Exercise materials »
☆ ☆ ☆

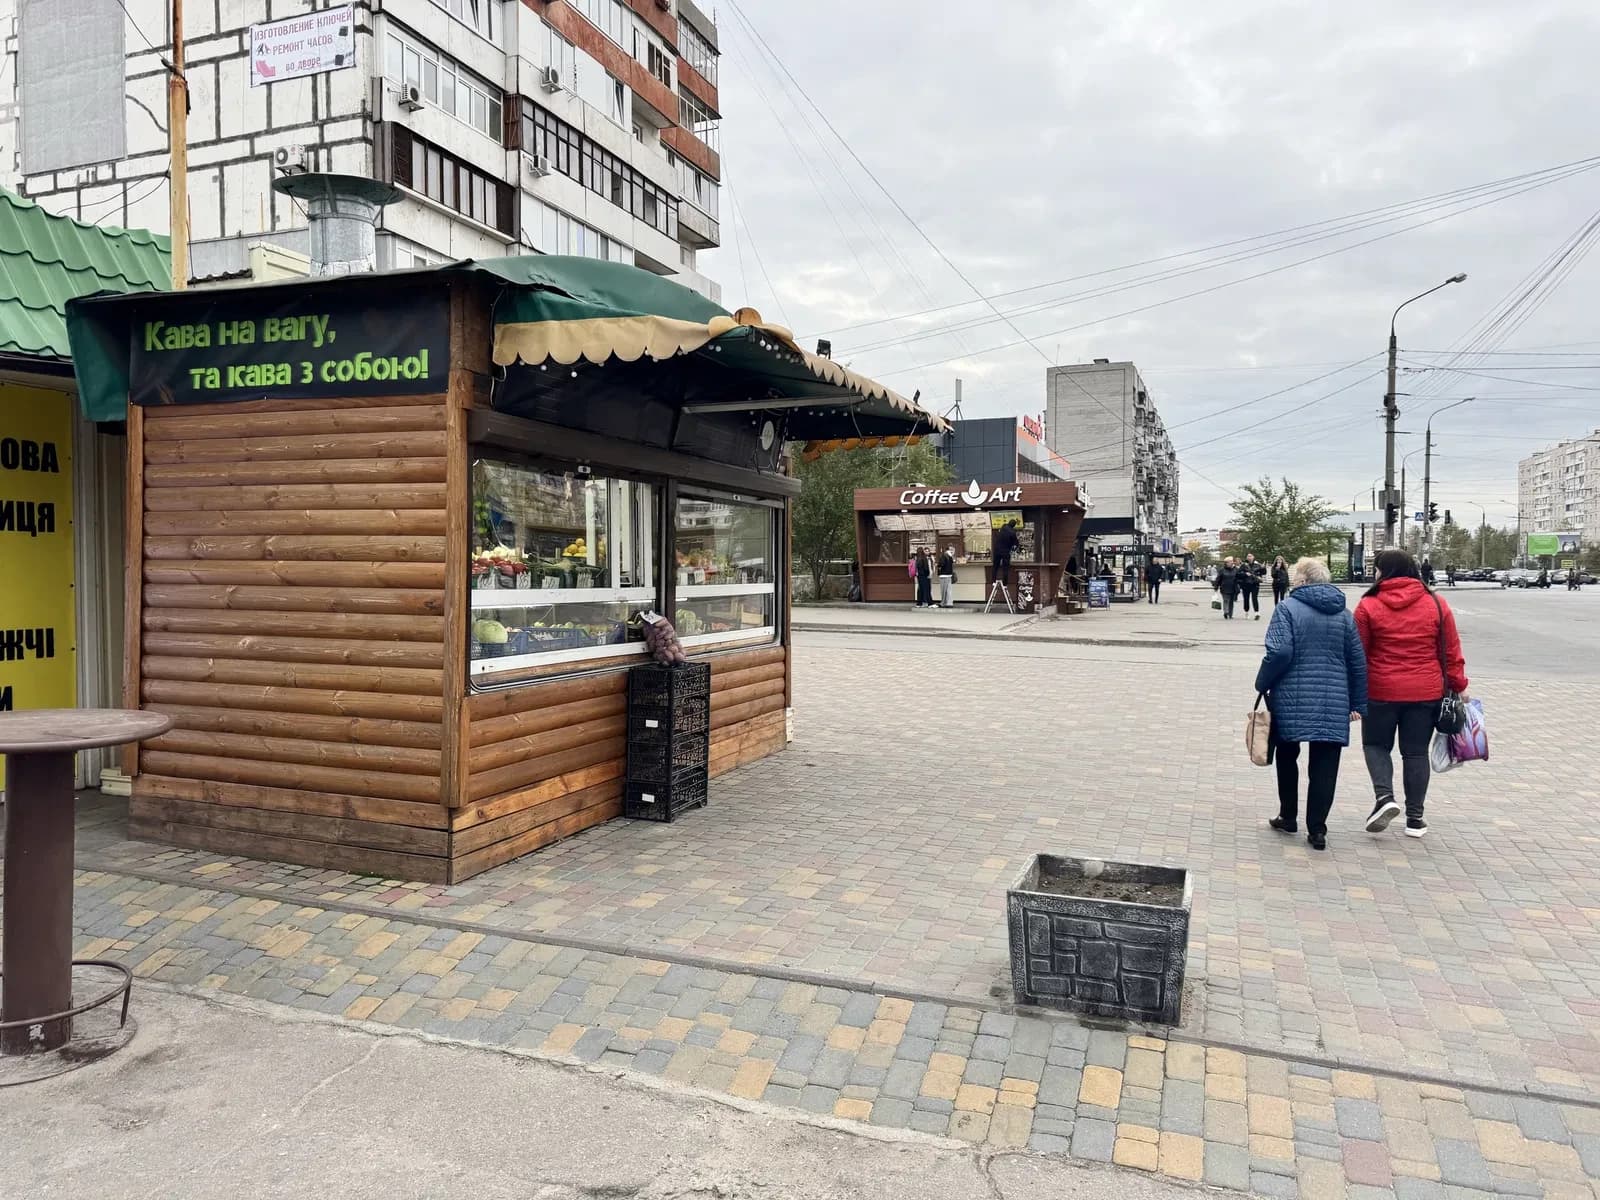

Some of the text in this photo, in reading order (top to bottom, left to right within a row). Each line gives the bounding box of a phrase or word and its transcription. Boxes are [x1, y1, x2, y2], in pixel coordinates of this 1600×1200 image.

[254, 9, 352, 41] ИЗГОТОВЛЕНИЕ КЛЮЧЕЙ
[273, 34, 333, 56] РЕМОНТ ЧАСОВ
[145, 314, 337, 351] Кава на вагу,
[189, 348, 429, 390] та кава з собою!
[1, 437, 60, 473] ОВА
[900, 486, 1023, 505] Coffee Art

☆ ☆ ☆

Work task » Output each record above exactly; omit the images.

Written reply »
Some of the text in this photo, in reading order (top to bottom, left to right within a row). Each line gives the bounding box of a phrase or word and its transcription. Boxes are [x1, y1, x2, y2], in pixel coordinates of this 1600×1200 image.

[254, 9, 352, 41] ИЗГОТОВЛЕНИЕ КЛЮЧЕЙ
[273, 34, 333, 56] РЕМОНТ ЧАСОВ
[145, 314, 337, 351] Кава на вагу,
[189, 348, 429, 390] та кава з собою!
[1, 437, 60, 473] ОВА
[900, 486, 1023, 505] Coffee Art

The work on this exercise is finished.